Spatial localization data:
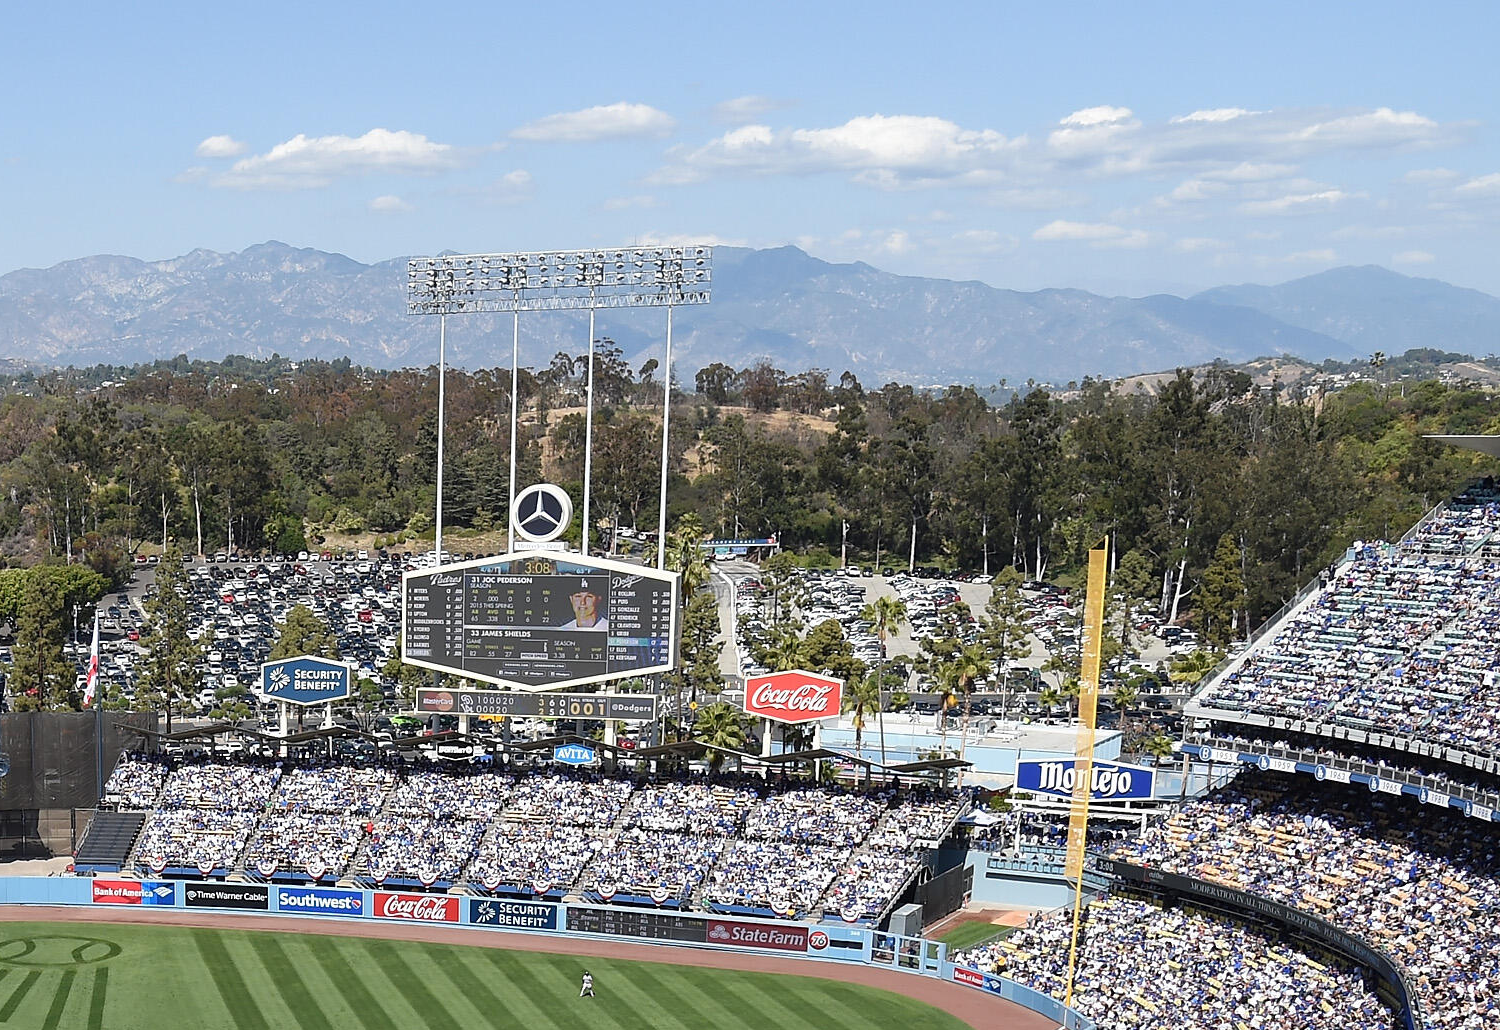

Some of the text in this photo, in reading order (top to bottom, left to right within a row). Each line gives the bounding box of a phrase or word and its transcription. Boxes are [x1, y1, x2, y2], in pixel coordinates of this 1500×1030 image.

[524, 563, 550, 574] 3:08
[294, 669, 343, 680] SECURITY
[538, 698, 565, 707] 3 6 0
[751, 683, 833, 711] Coca-Cola
[538, 707, 566, 716] 2 5 0
[571, 703, 605, 715] 0 0 1
[611, 703, 652, 713] @Dodgers
[557, 748, 590, 760] AVITA
[1216, 751, 1233, 760] 1955
[1273, 761, 1291, 770] 1959
[1039, 763, 1132, 796] Montejo
[1329, 771, 1346, 780] 1963
[1099, 861, 1114, 872] 3:08
[94, 887, 153, 898] Bank of America
[197, 891, 267, 902] Time Warner Cable
[280, 893, 351, 910] Southwest
[383, 894, 448, 920] Coca-Cola
[500, 902, 551, 917] SECURITY
[811, 934, 826, 947] 76

> INSTRUCTIONS FOR THE TASK
Repeat the records above verbatim, with no pictures in the result.

> ANSWER FOR THE TASK
Some of the text in this photo, in reading order (top to bottom, left to right within a row). Each line gives the bounding box of a phrase or word and its transcription. Boxes are [x1, y1, x2, y2], in pixel coordinates of this 1500×1030 image.

[524, 563, 550, 574] 3:08
[294, 669, 343, 680] SECURITY
[538, 698, 565, 707] 3 6 0
[751, 683, 833, 711] Coca-Cola
[538, 707, 566, 716] 2 5 0
[571, 703, 605, 715] 0 0 1
[611, 703, 652, 713] @Dodgers
[557, 748, 590, 760] AVITA
[1216, 751, 1233, 760] 1955
[1273, 761, 1291, 770] 1959
[1039, 763, 1132, 796] Montejo
[1329, 771, 1346, 780] 1963
[1099, 861, 1114, 872] 3:08
[94, 887, 153, 898] Bank of America
[197, 891, 267, 902] Time Warner Cable
[280, 893, 351, 910] Southwest
[383, 894, 448, 920] Coca-Cola
[500, 902, 551, 917] SECURITY
[811, 934, 826, 947] 76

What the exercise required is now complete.